*SUPPLIED MATERIAL*
== == ==
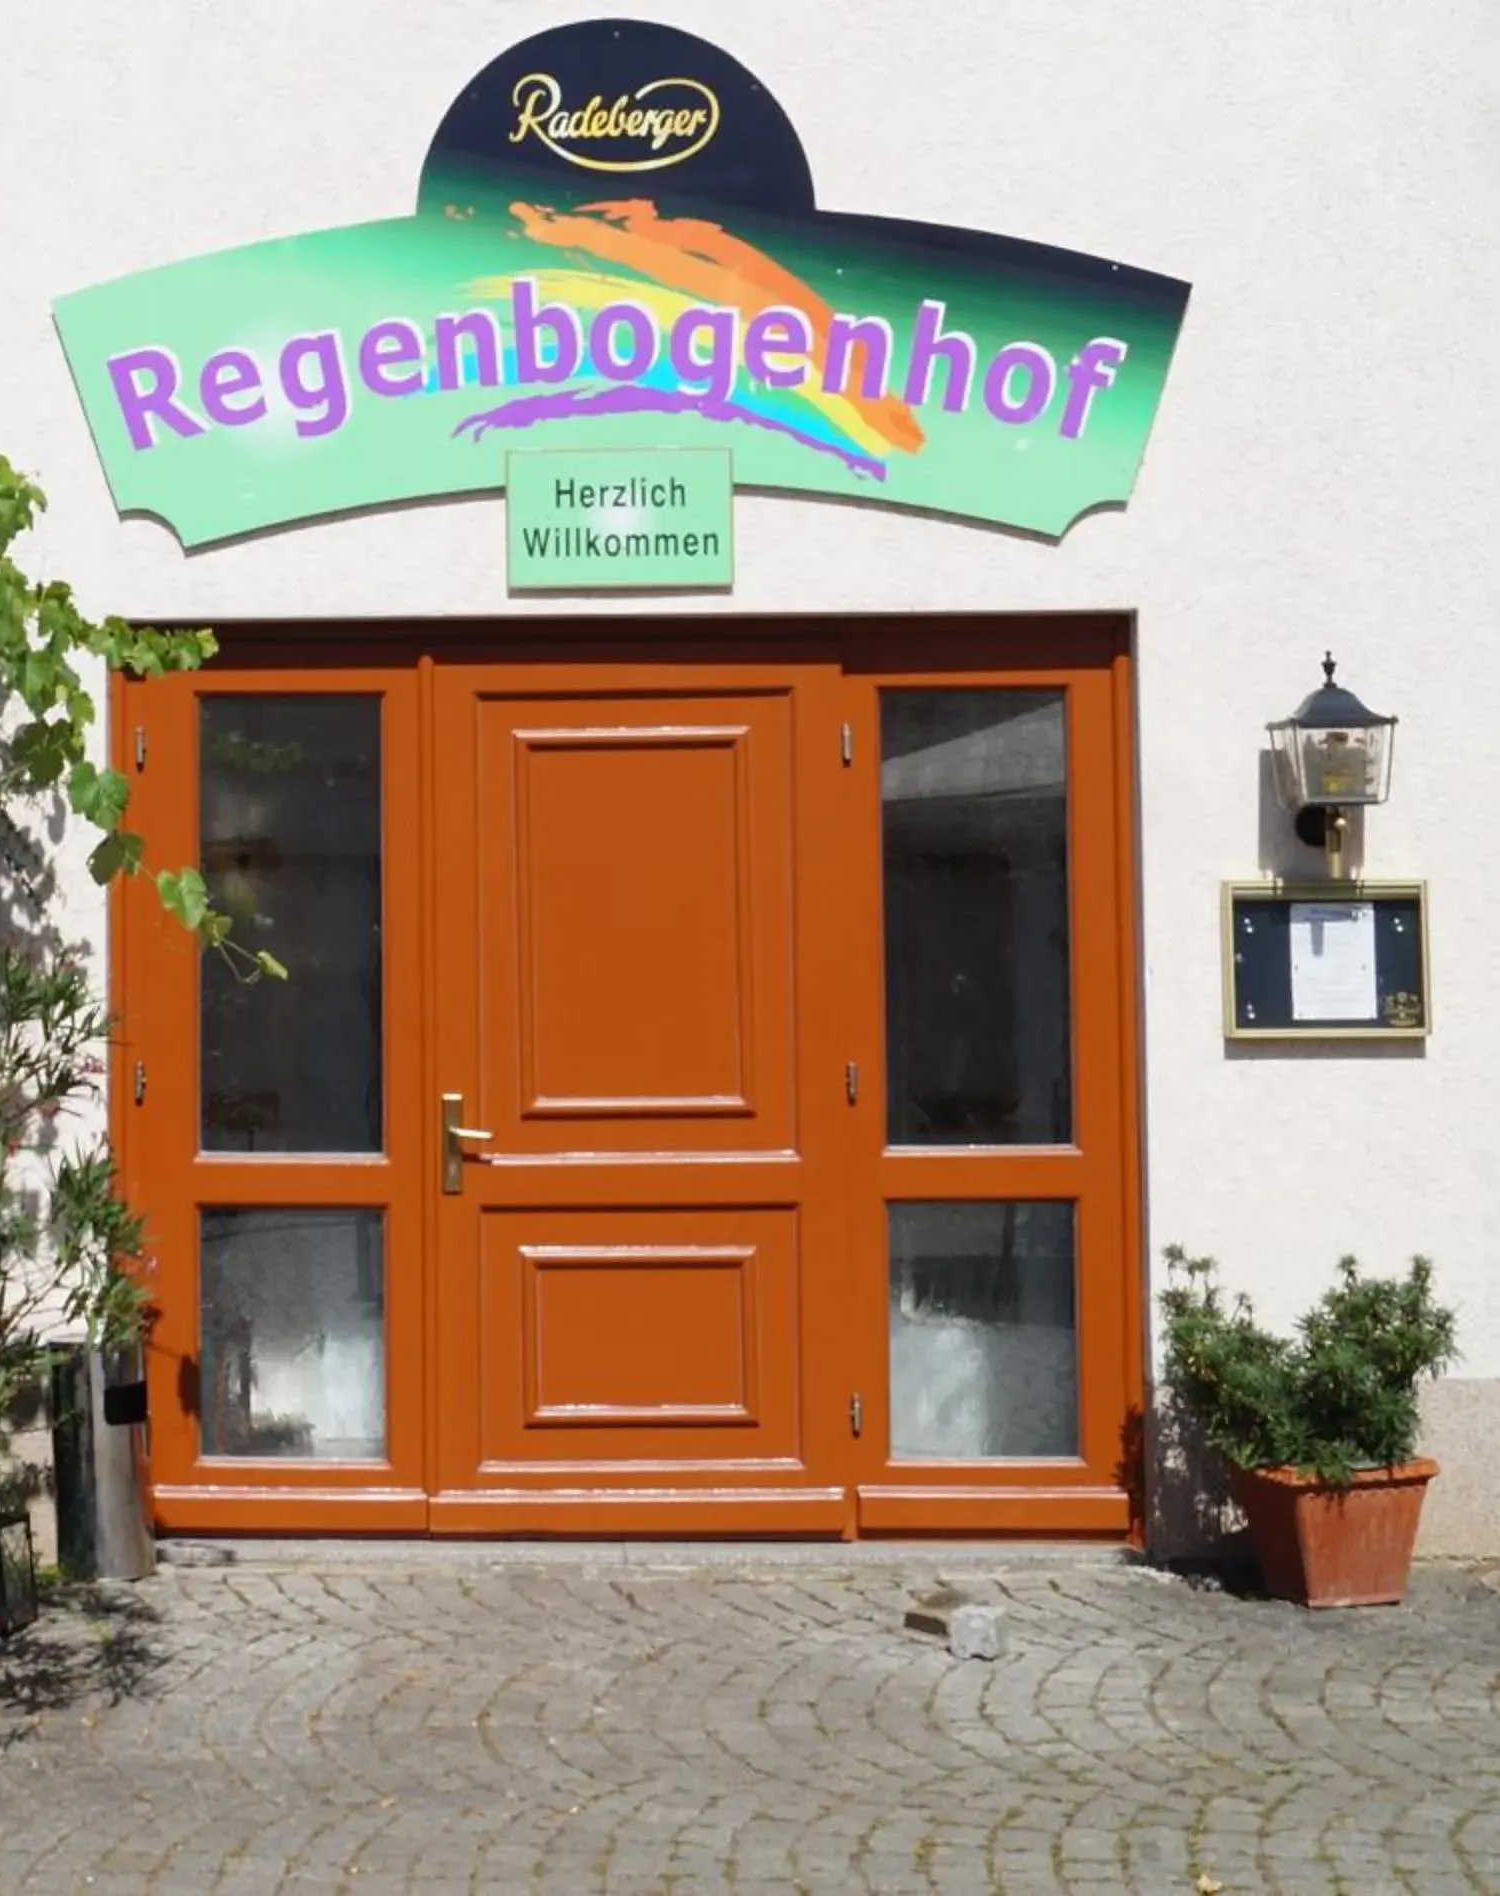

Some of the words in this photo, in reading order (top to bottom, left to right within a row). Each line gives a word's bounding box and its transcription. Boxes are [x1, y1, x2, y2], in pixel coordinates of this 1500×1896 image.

[508, 72, 715, 162] Radeberger
[106, 278, 1127, 450] Regenbogenhof
[555, 477, 687, 509] Herzlich
[523, 527, 720, 558] Willkommen
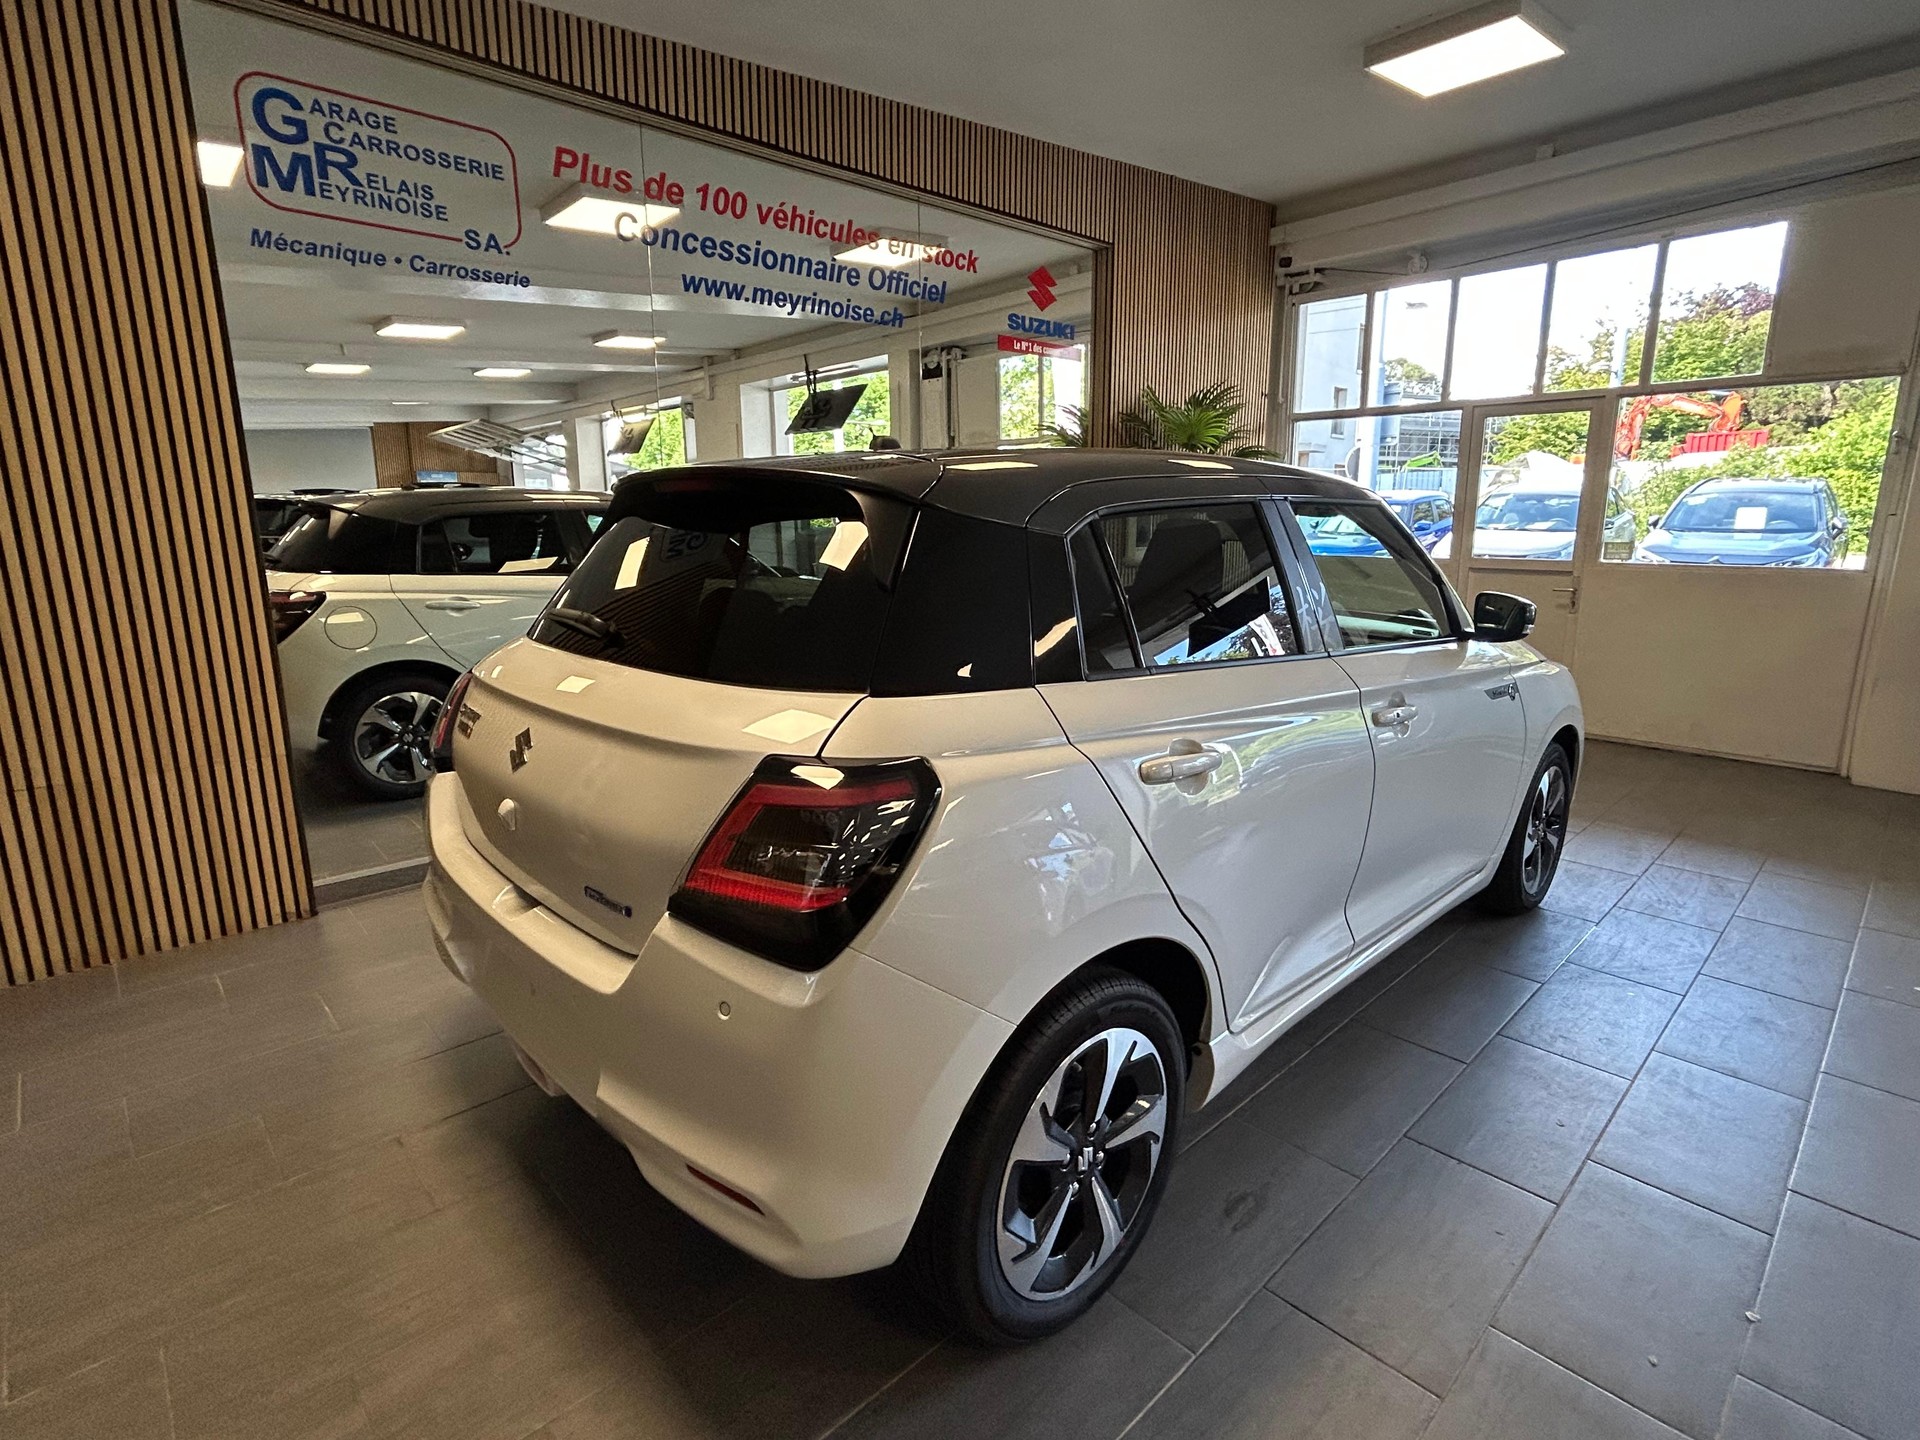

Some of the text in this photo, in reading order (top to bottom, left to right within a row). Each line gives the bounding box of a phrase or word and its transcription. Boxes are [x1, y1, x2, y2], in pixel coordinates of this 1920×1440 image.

[251, 87, 398, 145] GARAGE
[313, 141, 435, 201] RELAIS
[323, 121, 505, 181] CARROSSERIE
[251, 143, 448, 222] MEYRINOISE
[552, 146, 979, 274] Plus de 100 véhicules en stock
[250, 228, 531, 289] Mécanique Carrosserie
[614, 211, 947, 304] Concessionnaire Officiel
[681, 273, 905, 329] www.meyrinoise.ch
[1007, 313, 1076, 340] SUZUKI
[1013, 340, 1020, 350] Le
[1033, 344, 1043, 353] des
== == ==
All records above are to be printed exactly, minus the pictures they contain.

Some of the words in this photo, in reading order (top to bottom, left to right within a row). Each line gives a word's bounding box and its transcription. Boxes are [x1, y1, x2, y2], in pixel coordinates of this 1500×1896 image.

[508, 72, 715, 162] Radeberger
[106, 278, 1127, 450] Regenbogenhof
[555, 477, 687, 509] Herzlich
[523, 527, 720, 558] Willkommen

Some of the text in this photo, in reading order (top to bottom, left to right within a row). Each line gives the bounding box of a phrase or word and its transcription. Boxes are [x1, y1, x2, y2], in pixel coordinates of this 1920×1440 image.

[251, 87, 398, 145] GARAGE
[313, 141, 435, 201] RELAIS
[323, 121, 505, 181] CARROSSERIE
[251, 143, 448, 222] MEYRINOISE
[552, 146, 979, 274] Plus de 100 véhicules en stock
[250, 228, 531, 289] Mécanique Carrosserie
[614, 211, 947, 304] Concessionnaire Officiel
[681, 273, 905, 329] www.meyrinoise.ch
[1007, 313, 1076, 340] SUZUKI
[1013, 340, 1020, 350] Le
[1033, 344, 1043, 353] des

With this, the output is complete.